The economy is in shambles in the United States. With record spending, the wealth gap continues to increase, poverty is climbing, the number of citizens dependent upon unemployment, food stamps, disability or welfare is at record levels. There’s only one sector of the American economy that’s thriving – with well-paid jobs, many job openings, tons of investment funding, and growing sales. That sector is the Internet.
With big big box retailers suffering and the government spending money on studies in duck genitalia, the future of the ecommerce boom is looking bleak as the Senate just approved a bill on an Internet Sales tax. So… the one portion of the economy that’s not suffering is now going to finally join every other area of the economy that’s been helped by the federal government.
If this bill is passed, it’s the beginning of the end of the prosperity our Internet free market system has provided us for the last 20 years. Big box billionaire retailers who have owned, controlled and managed the pricing and distribution of goods and services are now losing their grip to the Internet… and they’re crying foul. They’re the ones leading the way in pressuring our leaders to tax the Internet.

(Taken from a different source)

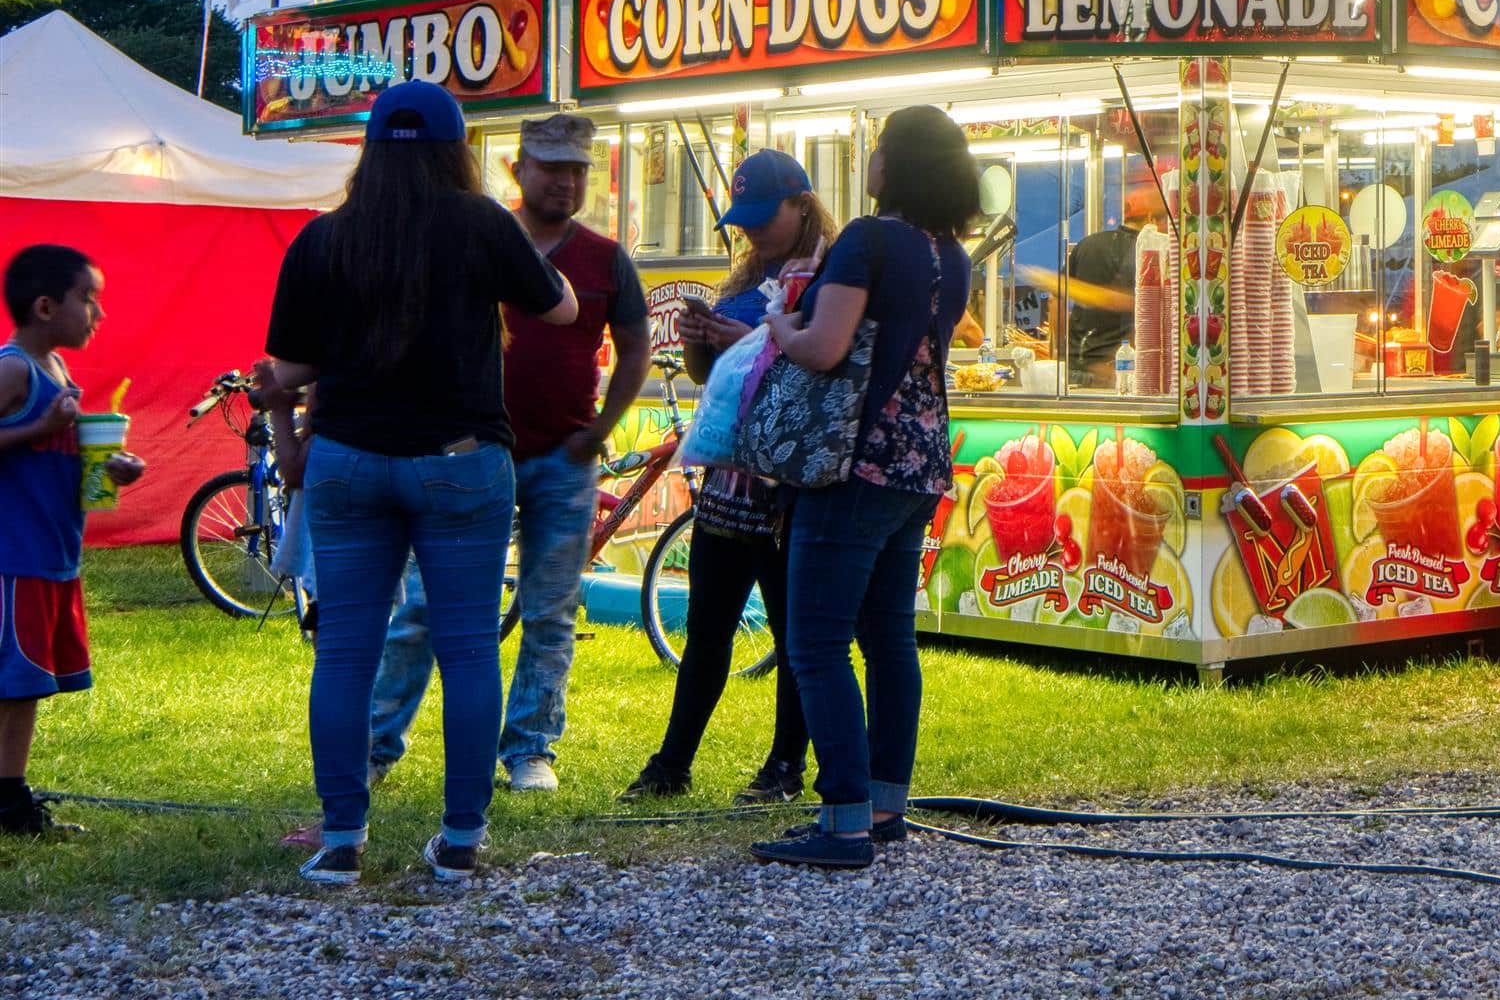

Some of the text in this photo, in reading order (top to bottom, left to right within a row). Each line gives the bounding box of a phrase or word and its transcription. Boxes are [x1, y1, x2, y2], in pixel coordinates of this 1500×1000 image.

Everyone is Open to Compete on the Internet
They should be ashamed. Think about it… they’re nothing but a distribution point that adds to the overhead of the cost of goods before we get them. I’m confident if you looked back in history that retailers cried unfair when the Sears Catalog made its way to the doorsteps of consumers and they could now have access to affordable products and goods via direct mail. Every big box retailer had the funds and the opportunity to shift their business to the Internet. If they failed to do so, they should deal with the consequences.
Local Companies Should Pay Local Taxes
Having a local big box retailer adds expense to the local community – from the transportation costs, traffic costs, police and medical costs, to the utility costs… including water, electric and waste disposal. State and local sales taxes offset those costs to the local region. It’s a system that makes sense. If I make a purchase online, it costs my local community nothing. Transportation is paid for by the shipping company and gasoline taxes. There’s no need for traffic lights, no shoplifting arrests, no waste disposal, no need for additional utilities… nada.
Retailers aren’t Losing Business because of Local Taxes
There are benefits of buying at the local retailer… I can drive home with the goods, I can try the clothing on, I can have them install equipment, I can get product support from them, or I can exchange the purchase without delay. I often shop at the local retailer – but much less than I used to. The Internet has become more convenient. I don’t shop online because I don’t pay taxes there… I shop online because I can do it from my phone in a matter of minutes. No driving, no parking, no waiting in line, no searching endless rows of products, no snarky customer service people, or pushy ones, or disinterested ones, or no help altogether.
Opening the Pandora Box of Local Taxes
The tax foundation lists over 9,600 local sales tax regions. Imagine every ecommerce site now has to program to 9,600 different local taxes that are constantly changing. Every mobile application needs rebuilt to program in 9,600 different tax rules. Ecommerce providers will need to file taxes in every locality they do business in. It’s nuts.
Local Taxation will Kill Entrepreneurship
Say goodbye to every small business on the web who can’t incur the overhead associated with these costs. Sure… new solutions will evolve, new businesses who manage the tax filings for you. But the cost will be added on to every product you buy – in addition to the new sales tax. The only commerce sites left will be the big boys that can afford the costs and started this mess in the first place. Small businesses and entrepreneurs screwed.
Will this make the playing field fair between retailers and ecommerce? There’s nothing fair about it. The last sector of the American economy that’s thriving will now join everyone else in layoffs, lack of investment, and going out of business sales. Along with the big box retailers that were already heading that direction.